Re: Sackelhausen baptism entries


Florian Sterbinszky
 

Hello Rosina!

You may be right. One of my great great-uncles (Johann Rick) moved out to Detroit from Banat with his whole family in 1909, and in 1913 they went back to Gross-Sanktnikolaus and bought a house and 30 acres of land with the money they had saved in America.

As it turned out, it was not a good decision, because in 1914 the First World War broke out, he was taken as a soldier and died on the Balkan front in 1916. He left four orphaned children and a widow behind him...

Greetings,

Florian Baranyi-Sterbinszky



Rosina T. Schmidt <rosinatschmidt@...> ezt írta (időpont: 2023. jan. 22., V, 17:23):

Thank you, Tibor,

For this information. 

We are not to forget that at those times our people went foremost to the Americas to earn money and come back home to buy a farm, or to expand the farm.
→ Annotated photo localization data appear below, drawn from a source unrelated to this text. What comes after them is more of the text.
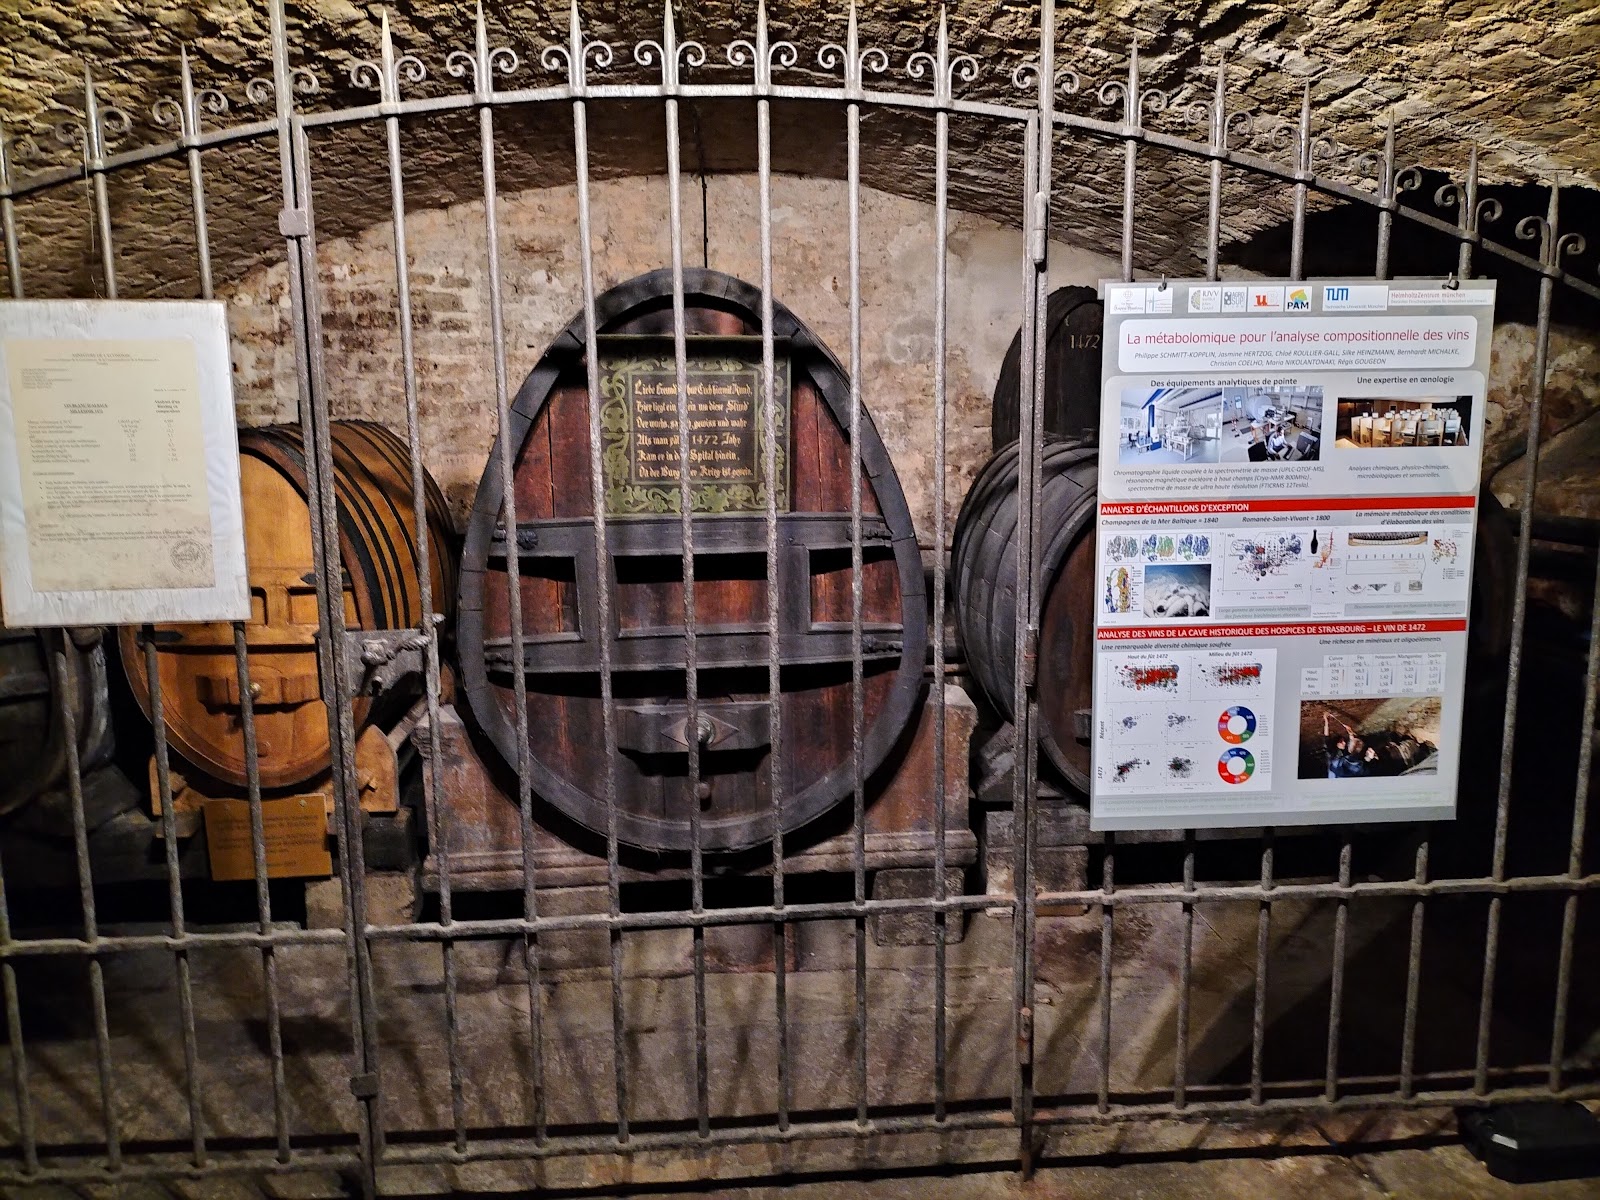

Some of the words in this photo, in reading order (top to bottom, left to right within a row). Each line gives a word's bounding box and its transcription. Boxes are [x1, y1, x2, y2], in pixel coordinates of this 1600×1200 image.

[1287, 301, 1309, 310] PAM
[1070, 334, 1100, 350] 1472
[1127, 333, 1141, 345] La
[1145, 331, 1236, 345] métabolomique
[1240, 332, 1267, 345] pour
[1323, 329, 1420, 344] compositionnelle
[1423, 329, 1443, 341] des
[1447, 329, 1470, 341] vins
[1134, 352, 1159, 360] Philippe
[1159, 351, 1216, 359] SCHMITT-KOPPLIN,
[1243, 350, 1273, 358] HERTZOG,
[1356, 349, 1396, 357] HEINZMANN,
[1427, 348, 1460, 356] MICHALKE,
[1238, 359, 1265, 367] COELHO,
[1285, 358, 1336, 366] NIKOLANTONAKI,
[1338, 358, 1353, 366] Régis
[1166, 379, 1216, 388] équipements
[1217, 379, 1261, 388] analytiques
[1273, 378, 1298, 387] pointe
[1357, 376, 1372, 384] Une
[1373, 376, 1408, 385] expertise
[717, 416, 730, 428] und
[692, 434, 719, 445] 1472
[1113, 469, 1161, 477] Chromatographie
[1181, 468, 1201, 476] couplée
[1215, 467, 1252, 475] spectrométrie
[1154, 477, 1188, 485] magnétique
[1101, 505, 1135, 514] ANALYSE
[1101, 518, 1140, 527] Champagnes
[1242, 514, 1310, 522] Romanée-Saint-Vivant
[1098, 630, 1131, 639] ANALYSE
[1133, 630, 1147, 638] DES
[1148, 629, 1166, 638] VINS
[1167, 629, 1177, 637] DE
[1178, 629, 1187, 637] LA
[1188, 628, 1208, 637] CAVE
[1209, 627, 1254, 637] HISTORIQUE
[1255, 627, 1269, 635] DES
[1270, 626, 1306, 635] HOSPICES
[1307, 625, 1317, 634] DE
[1318, 625, 1366, 633] STRASBOURG
[1373, 624, 1381, 632] LE
[1382, 624, 1396, 632] VIN
[1408, 623, 1426, 631] 1472
[1114, 643, 1153, 651] remarquable
[1181, 641, 1208, 649] chimique
[1209, 641, 1232, 649] soufrée
Their intention was in most cases to return.  They sent the note to the home parish about the birth of their child so the child will be counted as the parishioner on the family’s return. It was often the case in my extended family. 


Rosina T. Schmidt 
www.hrastovac.net


On 01222023AD--, at 1:28 35000AM, Tibor Tóth <lemilpromo@...> wrote:

Dear List Members,

I would like to draw your attention to an interesting church book entry.
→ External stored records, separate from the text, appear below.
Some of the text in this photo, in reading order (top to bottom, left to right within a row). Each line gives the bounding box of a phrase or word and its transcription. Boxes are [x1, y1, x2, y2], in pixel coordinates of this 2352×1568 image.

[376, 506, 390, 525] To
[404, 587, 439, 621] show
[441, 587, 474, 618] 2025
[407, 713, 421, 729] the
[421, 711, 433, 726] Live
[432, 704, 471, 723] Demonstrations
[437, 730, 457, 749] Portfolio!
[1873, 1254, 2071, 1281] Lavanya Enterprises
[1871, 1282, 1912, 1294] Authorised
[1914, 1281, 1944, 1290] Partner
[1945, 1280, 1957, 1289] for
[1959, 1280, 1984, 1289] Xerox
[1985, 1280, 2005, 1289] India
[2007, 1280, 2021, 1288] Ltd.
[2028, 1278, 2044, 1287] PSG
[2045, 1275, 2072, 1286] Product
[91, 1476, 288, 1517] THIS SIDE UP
I came across this list in the Roman Catholic baptismal register of Sackelhausen (in Hungarian Szakálháza, today Săcălaz,  Timiș County, Romania) No. 17. Here in 1911 the parish priest of that time (Dr. Adam HOLLÓ) listed children born in the USA between 1908-1911 whose parents emigrated from Sackelhausen to the USA.
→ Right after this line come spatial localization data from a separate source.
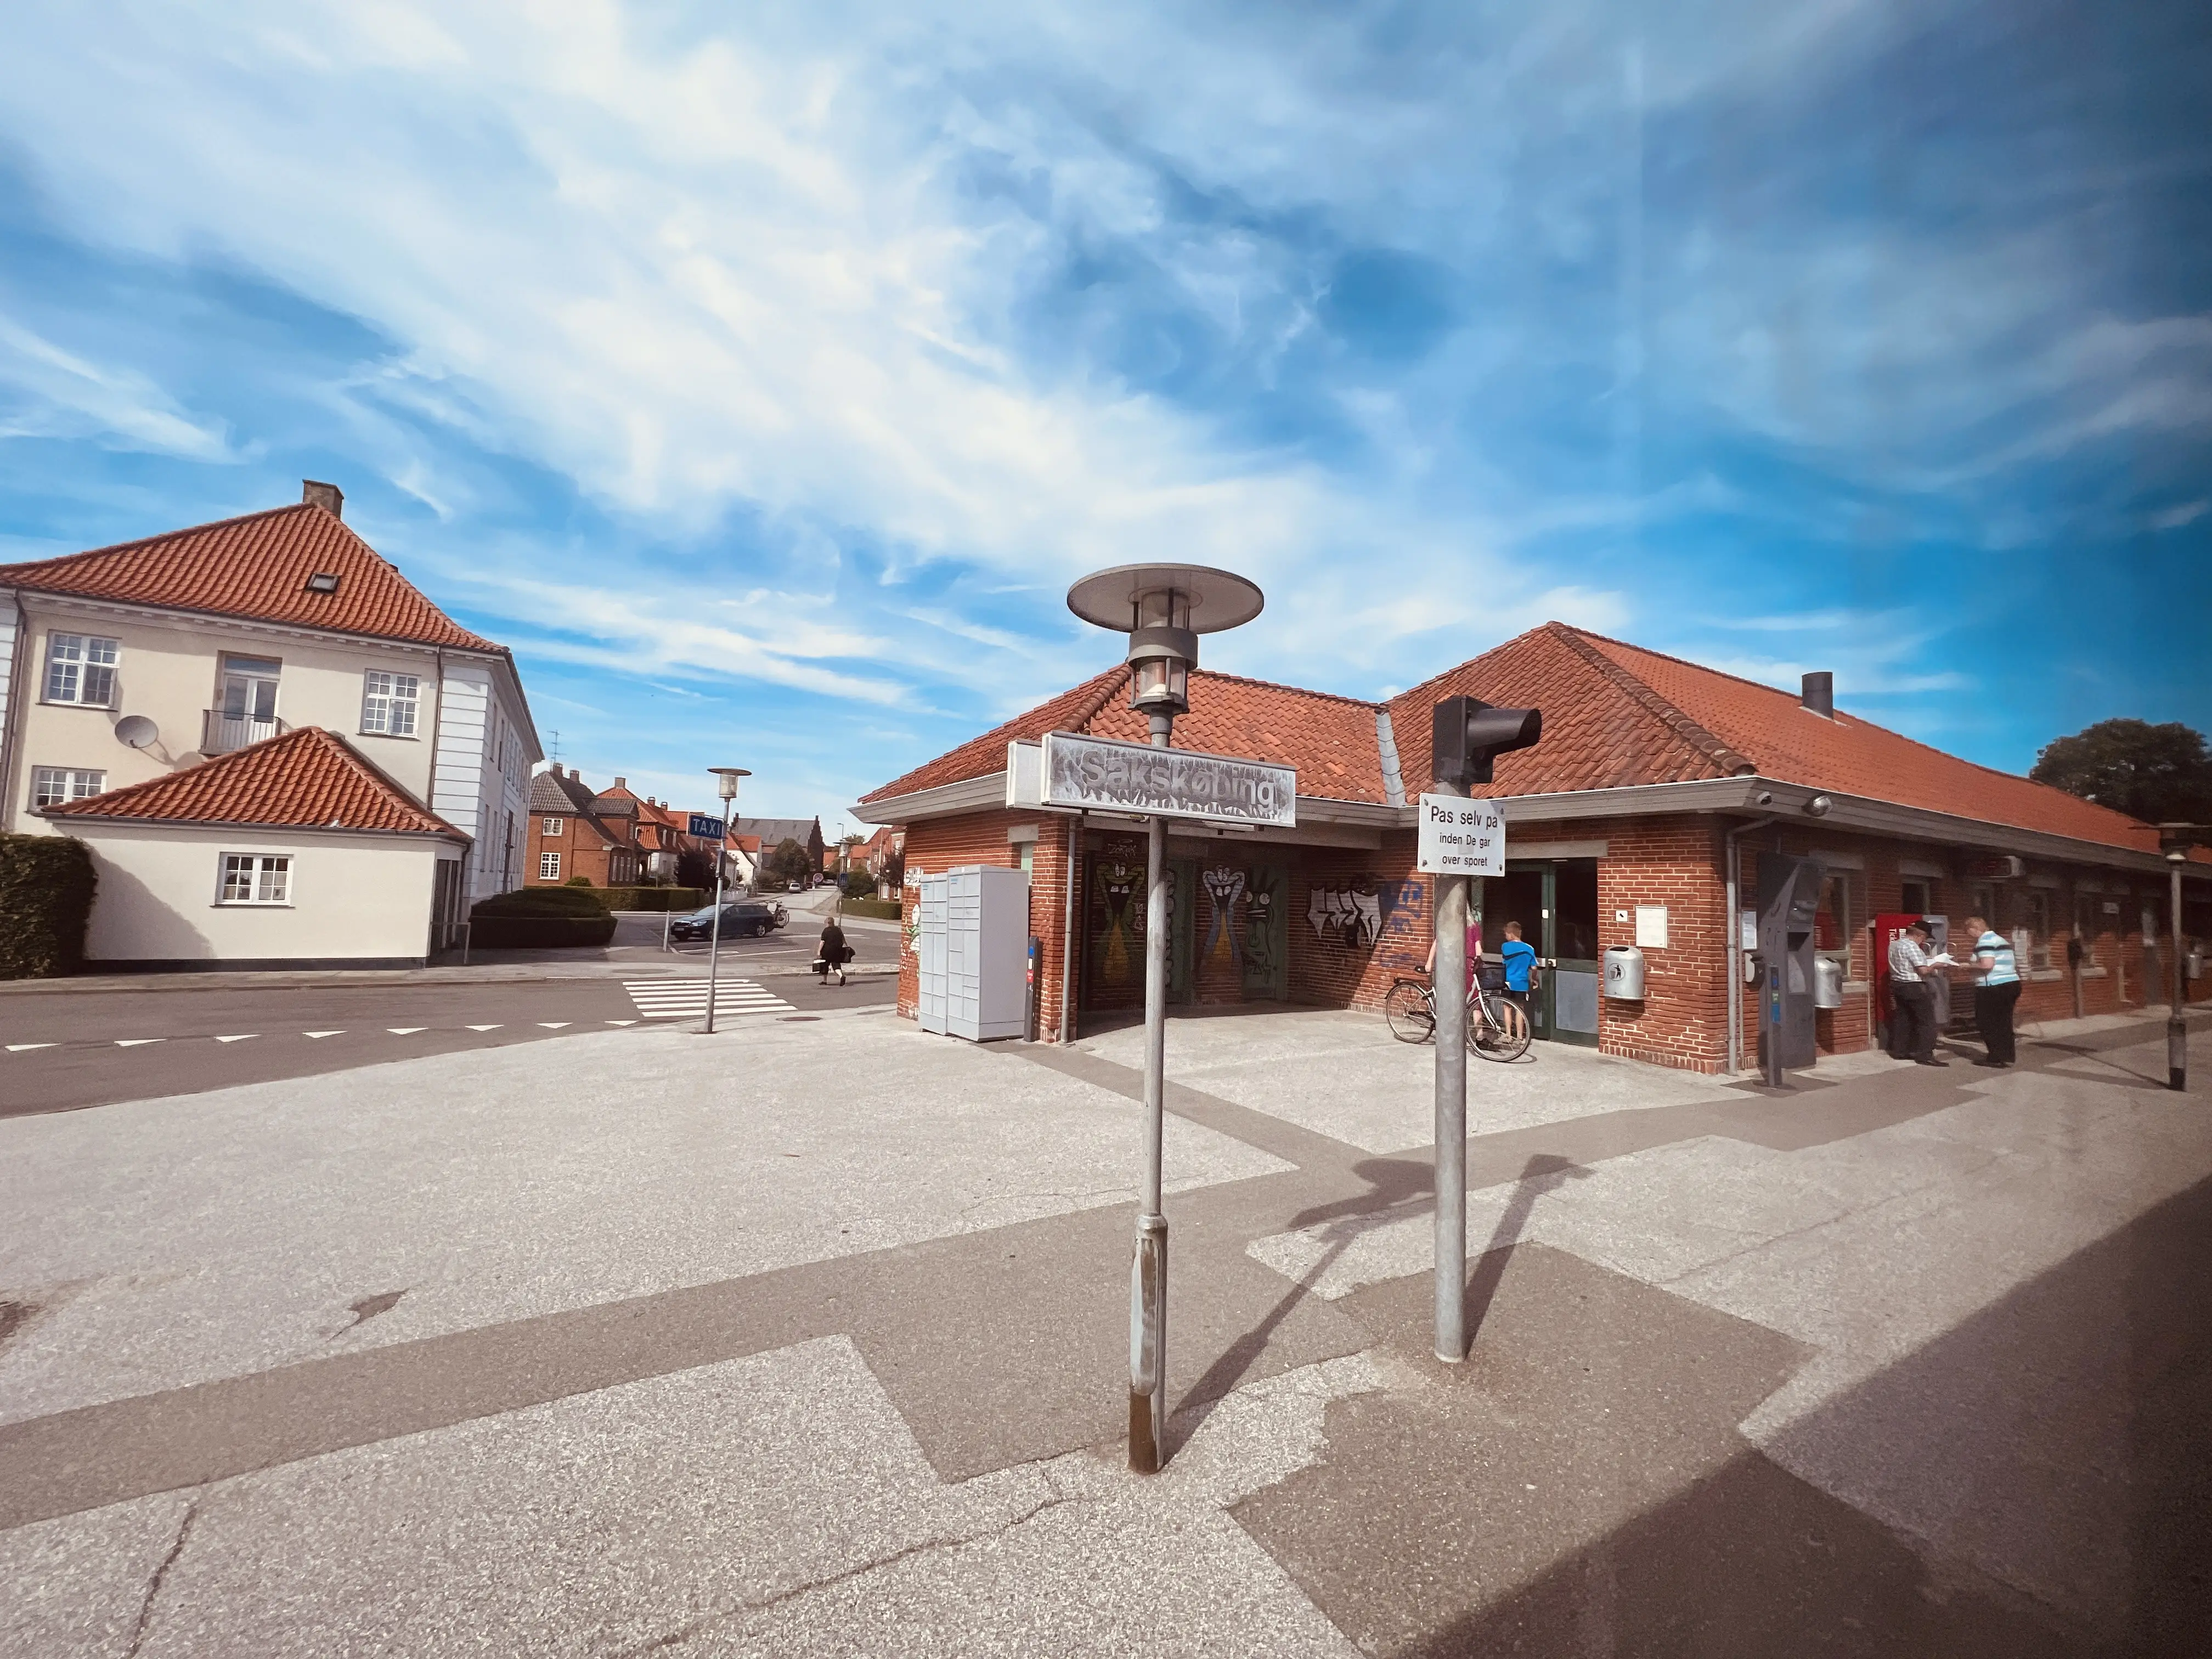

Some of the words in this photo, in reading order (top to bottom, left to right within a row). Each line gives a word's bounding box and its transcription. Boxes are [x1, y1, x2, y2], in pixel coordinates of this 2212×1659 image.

[1081, 750, 1274, 810] Sakskøbing
[1431, 805, 1454, 823] Pas
[1460, 810, 1482, 827] selv
[693, 819, 720, 836] TAXI
[1439, 832, 1463, 845] inden
[1466, 834, 1477, 846] De
[1442, 855, 1460, 865] over
[1464, 856, 1488, 868] sporet
I have gone through hundreds of Banat church books as a genealogist and family researcher, but till now I have never come across this type of entry. Marriages performed abroad are often recorded in the old Banat baptismal registers, I've seen a lot of that, but never like this.

I am attaching a photo of the original page and I have also made a chart with the listing information to make it easier for you to read the old Hungarian language entries. In the original list, the first names are in Hungarian (since Sackelhausen was part of the Kingdom of Hungary at the time and the official language was Hungarian), but I've included the English equivalents for you in the chart. At the top of the page is the caption "Amerikában születtek" (Born in America).

In those days, it was not unusual for the baptism priest to officially inform the parish of the parents' place of birth about the baptism, if the parents requested it. Even if the distance was so great.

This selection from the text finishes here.